А Лени ошибалась: никто им не пользовался. Пёклер был придатком Ракеты задолго до того, как ее вообще построили. Лени об этом позаботилась. Когда она его бросила, он буквально развалился. Куски вымело на Hinterhof, слило в канализацию, развеяло по ветру. Даже в кино не сходить. Лишь изредка после работы он отправлялся вылавливать из Шпрее куски угля. Пил пиво и сидел в нетопленой комнате, осенний свет дотягивался до него из серых туч, сперва обнищав и выцветши, от стен двора и сточных труб, через засаленные до чернота шторы, и вся надежда сцеживалась из этого света, когда он приползал туда, где сидел, дрожа и плача, Пёклер. А в некий час плакал он каждый день целый месяц, пока не воспалилась пазуха. Он слег и выгнал лихоманку с потом. Затем переехал в Куммерсдорф под Берлином и стал помогать своему Другу Монтаугену на ракетодроме.

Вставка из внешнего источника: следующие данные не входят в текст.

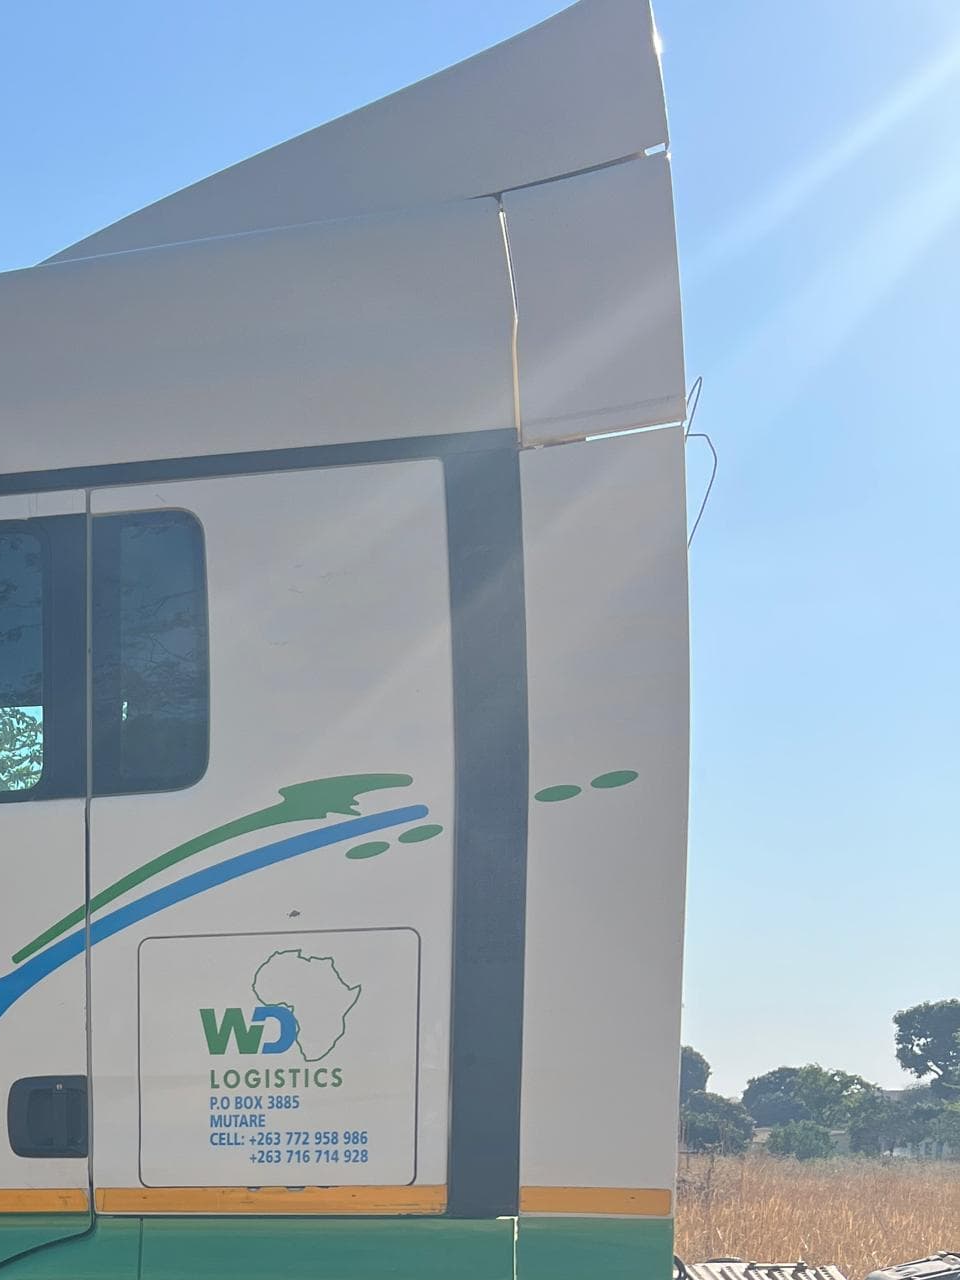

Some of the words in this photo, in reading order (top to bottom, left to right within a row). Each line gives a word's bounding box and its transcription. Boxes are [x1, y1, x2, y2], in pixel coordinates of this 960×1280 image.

Замещая то, от чего убежала Лени, внутрь проскальзывали температуры, скорости, давления, конфигурации стабилизаторов и корпуса, устойчивость и турбулентность. В окно по утрам виднелись сосны и ели, а не жалкий городской двор. Он что, отказывается от мира, вступает в монашеский орден?
Однажды ночью он сжег двадцать страниц расчетов. Интегралы вились зачарованными кобрами, потешные кучерявые «d» маршировали строем горбунов через край пламени в валы кружевного пепла. Но то был единственный его рецидив.
Сначала он помогал группе силовой установки. Пока еще ни у кого не было специализации. Это началось позже, когда вторглись всевозможные бюро и паранойи, а органограммы превратились в горизонтальные проекции тюремных камер. Курт Монтауген, вообще занимавшийся радиоэлектроникой, мог найти решение проблемы охлаждения. Сам Пёклер вдруг взялся усовершенствовать датчики для замера локального давления. Впоследствии это пригодилось в Пенемюнде, когда от модели диаметром каких-то 4–5 см приходилось отводить больше ста измерительных трубок. Пёклер помогал вырабатывать решение Halbmodelle, рассекаешь модель по длине и плоской стороной крепишь к стене испытательной камеры, а трубки выводишь к манометрам снаружи. Берлинский трущобный житель, думал он, умеет мыслить полу-пайками… но то был редкий для Пёклера миг гордости. На самом деле никто не мог со 100 %-ной уверенностью заявлять, что какая-то идея принадлежит ему, — работал корпоративный разум, специализация едва ли имела значение, классовые различия — и подавно. Общественный спектр простирался от фон Брауна, прусского аристократа, до таких, как Пёклер, который яблоко на улице хрумкает, — однако все они в равной мере были на милости Ракеты: им не только грозили взрывы или падение железок, но и ее немота, мертвый груз ее конструкции, ее упрямая и осязаемая таинственность…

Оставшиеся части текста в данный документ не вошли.